Under the PepsiCo umbrella
"Own Your Strength" is the first major brand campaign since Hormel Foods sold Muscle Milk to PepsiCo last year, joining the company's other fitness beverage brands Gatorade and Propel. Prior to that, the protein beverage had built an established customer base, solid consumer awareness and distribution channels, according to Palin. Protein as a category has boomed in recent years, with the global sports nutrition market expected to rise 60.3% from 2018 to 2023.
"PepsiCo saw that opportunity, and as we think about what being under their umbrella creates, the biggest change and advantage for Muscle Milk will be leveraging relationships and infrastructure that Pepsi already has in the fitness community," Palin said.
Balancing act
Despite gyms' closures to slow the spread of the novel coronavirus just weeks after filming the video spots in Los Angeles, adam&eve and Muscle Milk pressed ahead with the campaign with minimal tweaks. Early versions of the ads featured folks working out with friends, scenes which the team swapped out with more COVID-19-friendly visuals.

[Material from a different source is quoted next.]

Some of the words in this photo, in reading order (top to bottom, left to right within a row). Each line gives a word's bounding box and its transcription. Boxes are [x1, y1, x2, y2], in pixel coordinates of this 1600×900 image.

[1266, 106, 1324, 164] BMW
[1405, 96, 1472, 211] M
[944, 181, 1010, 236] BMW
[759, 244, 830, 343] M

In the 30-second spot, a father bench presses his young daughter in their living room — representing a recent uptick in at-home exercising — though some scenes still depict people lifting weights in gyms.

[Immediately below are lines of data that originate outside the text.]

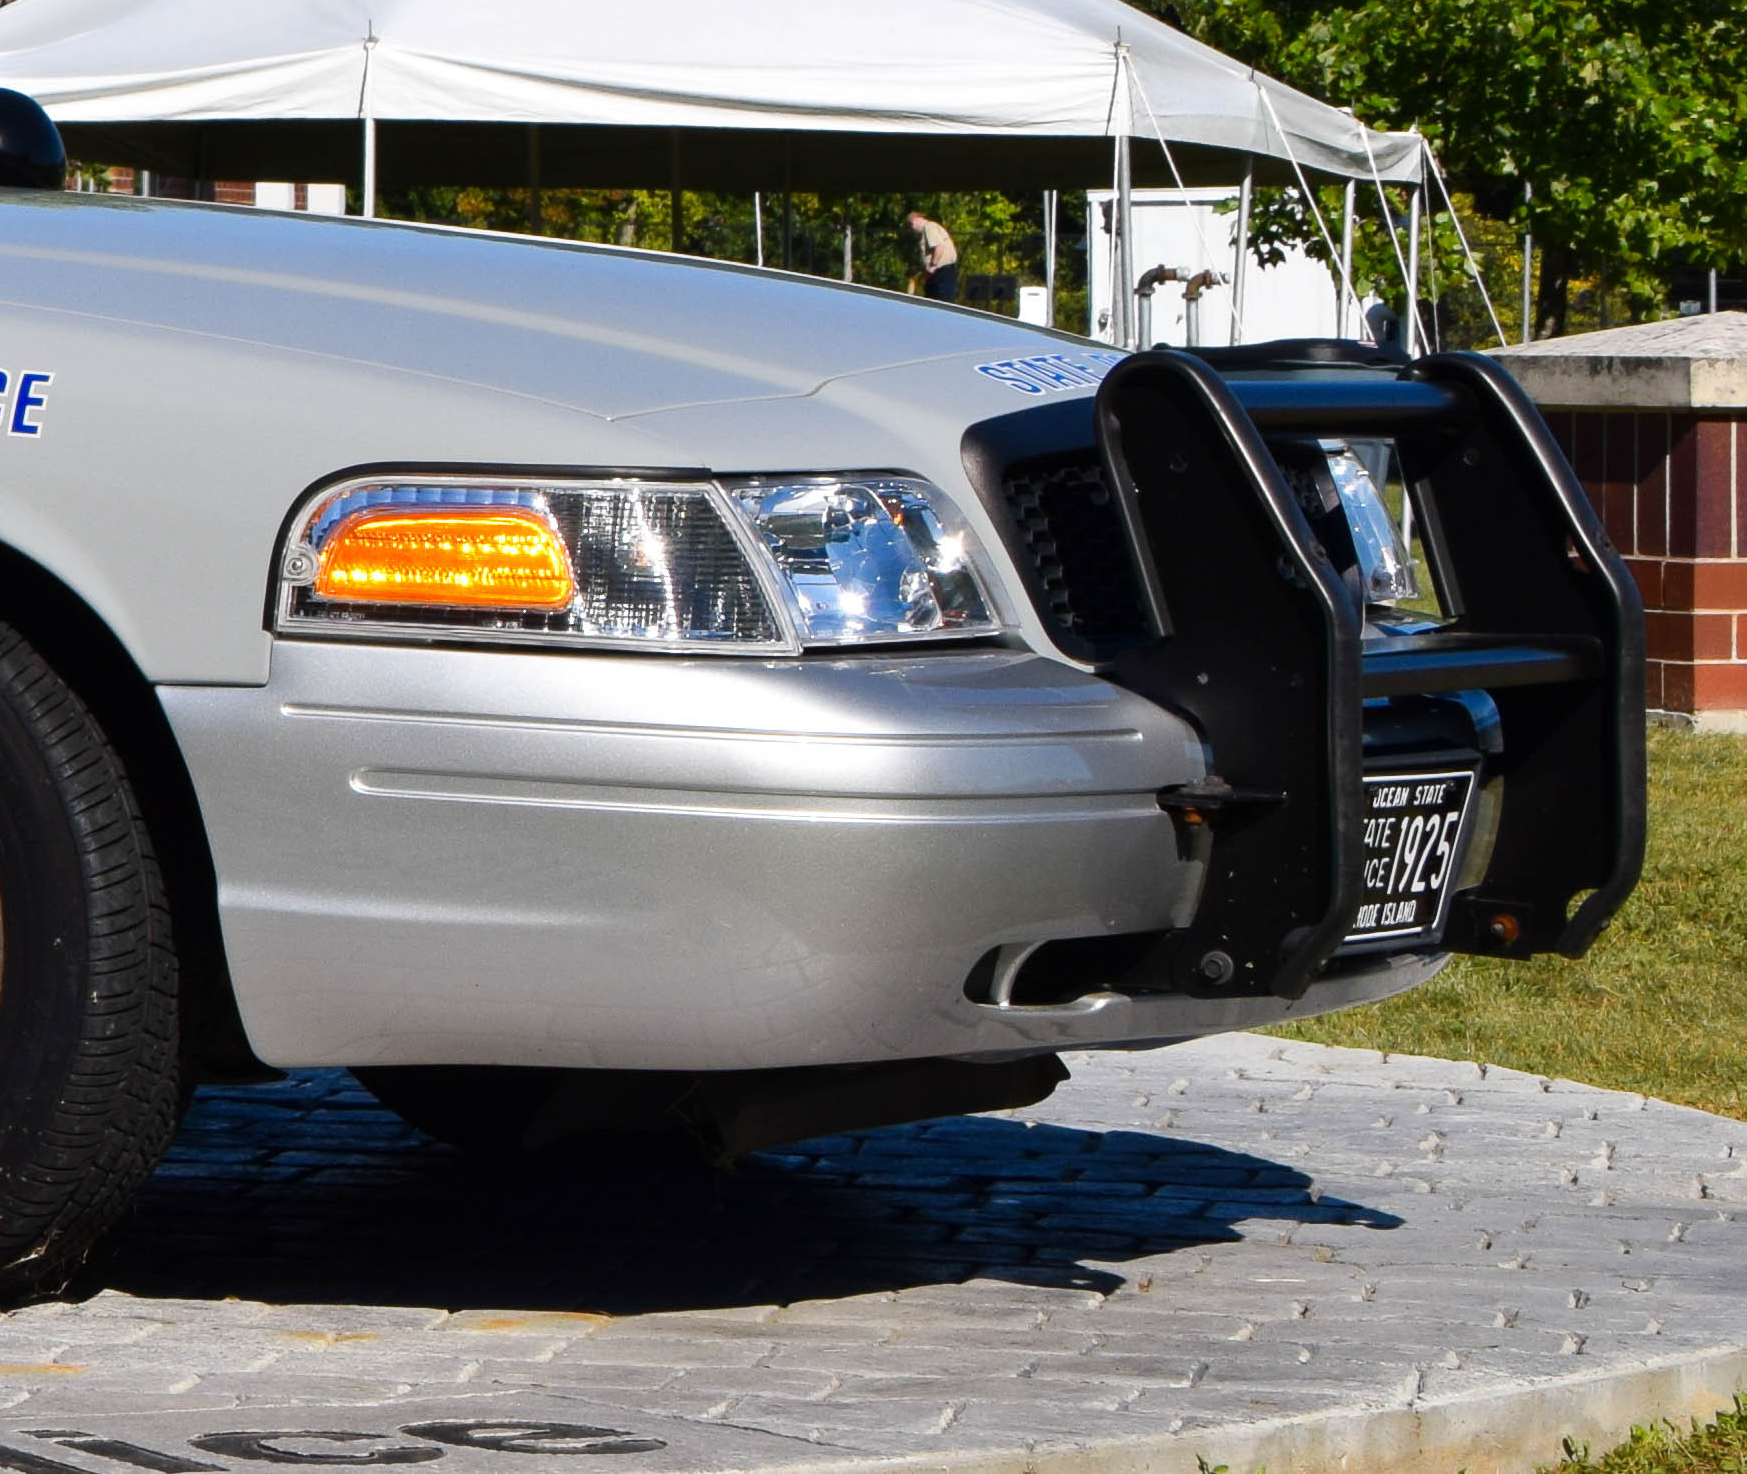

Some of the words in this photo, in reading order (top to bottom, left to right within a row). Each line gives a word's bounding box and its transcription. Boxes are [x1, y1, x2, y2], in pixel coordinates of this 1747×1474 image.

[975, 354, 1105, 395] STATE
[1414, 784, 1447, 806] STATE
[1364, 817, 1396, 848] ATE
[1387, 811, 1459, 895] 1925
[1381, 900, 1417, 926] ISLAND

"Ultimately, what we're bringing to life here is the mindset of fitness and connecting emotionally with that consumer, whether they're an avid gym goer or someone who bikes once a week," adam&eve Managing Director James Rowe said.
"Ultimately, what we're bringing to life here is the mindset of fitness and connecting emotionally with that consumer, whether they're an avid gym goer or someone who bikes once a week."
James Rowe
Adam&eveDDB, managing director
Longer video buys were designed to illustrate that point of view, while shorter cuts and social will explain the value proposition and product credentials to help drive purchase intent, Rowe said.

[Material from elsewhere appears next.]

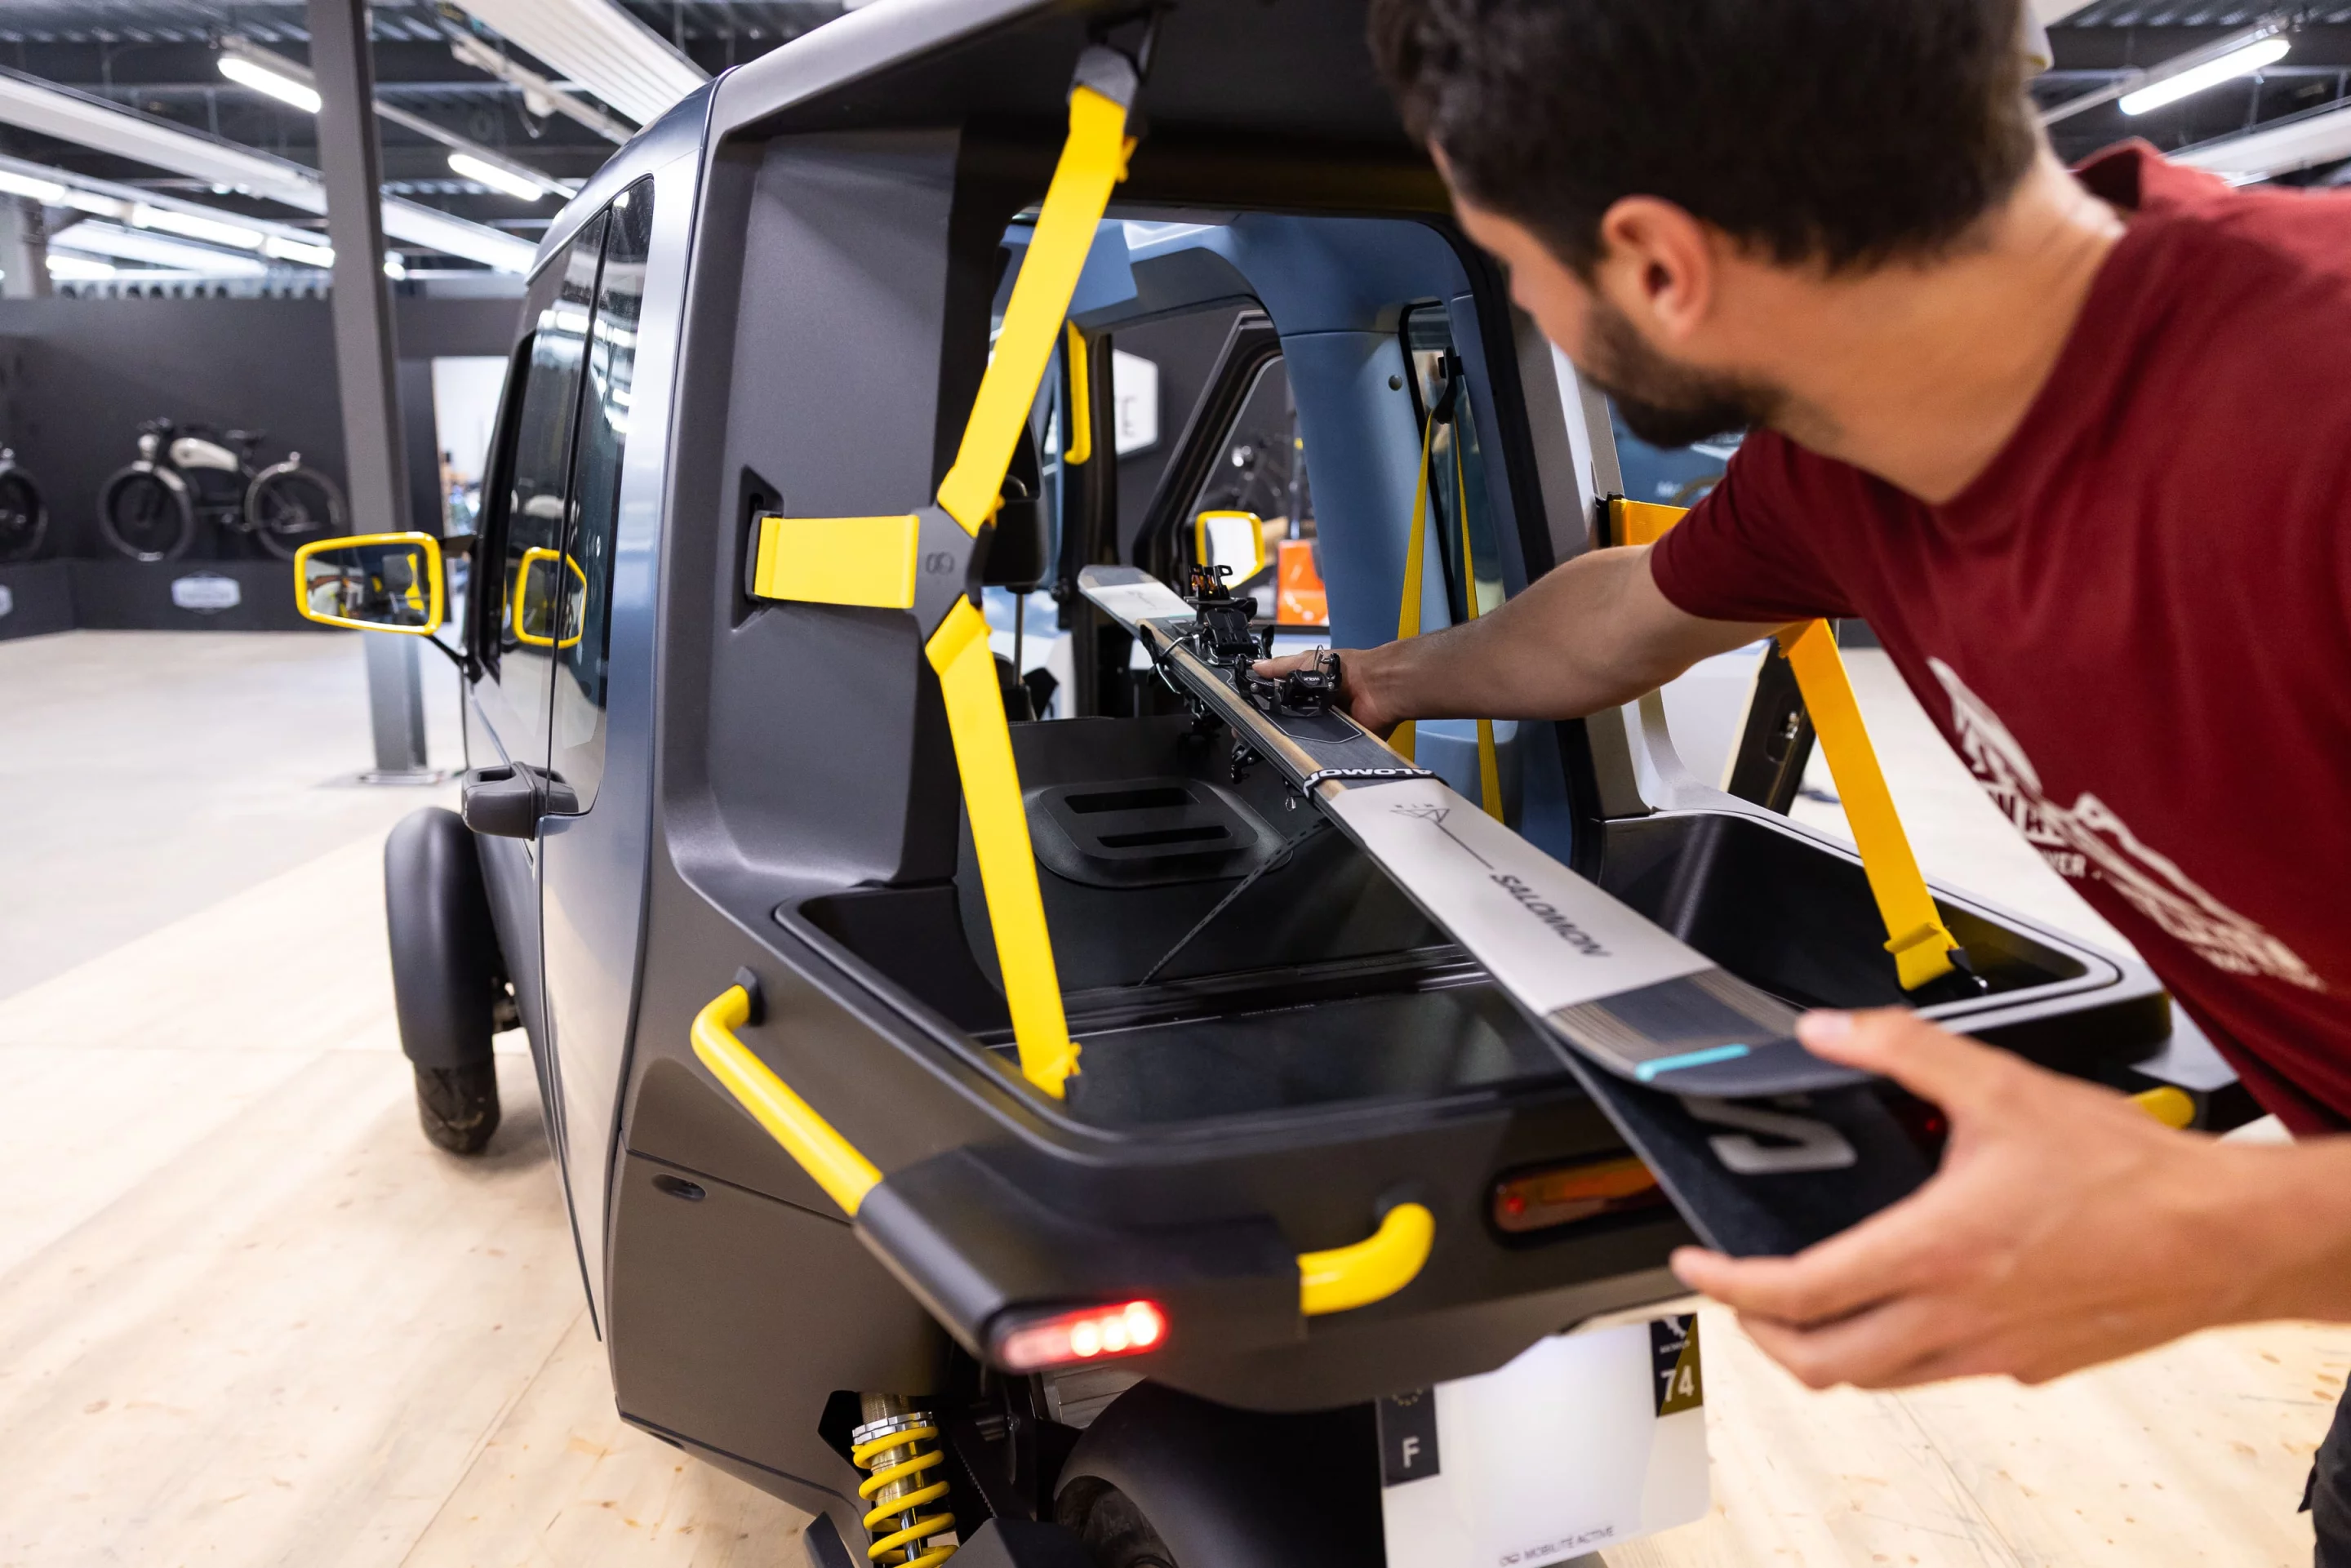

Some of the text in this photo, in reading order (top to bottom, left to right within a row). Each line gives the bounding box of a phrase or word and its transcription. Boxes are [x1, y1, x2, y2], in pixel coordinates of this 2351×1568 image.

[1490, 874, 1613, 957] SALOMON
[1660, 1364, 1695, 1402] 74
[1403, 1436, 1420, 1468] F

"It's really about balancing that emotional versus rational messaging," he added.
Return to normalcy
While the campaign's concept of mental strength ties in nicely with social distancing and how many consumers are feeling while stuck at home, Muscle Milk decided against more directly linking its marketing to the pandemic.
"People can identify or at least relate to inner strength and 'Own Your Strength' in the current circumstances without hammering them over the head with COVID stuff," Owen said.
A study in April found that 41% of consumers are ready to hear from brands about topics unrelated to the pandemic, underscoring how brands must proceed carefully with their messaging over the next few months as they try to balance consumer desire to move on from pandemic-related messaging with the need to be responsible corporate citizens during an unprecedented health crisis.
"We should support in these times, naturally, rather than sharing a specific COVID response campaign," Rowe said. "Some brands were able to do that, but for us, we didn't feel the need to actively respond. We'd rather let our overarching brand message do the work."
Adam&eve commissioned a report looking at marketing more generally in order to apply insights from past recessions and guide the agency in how it should adapt its campaign strategies.
"People are craving some sort of normality," Rowe said. "We had lots of conversations about 'how do we communicate in this unusual time?' For a brand like Muscle Milk, we wanted to be sensitive — especially because of the timing of our launch — while communicating this message that encourages normality in a responsible way."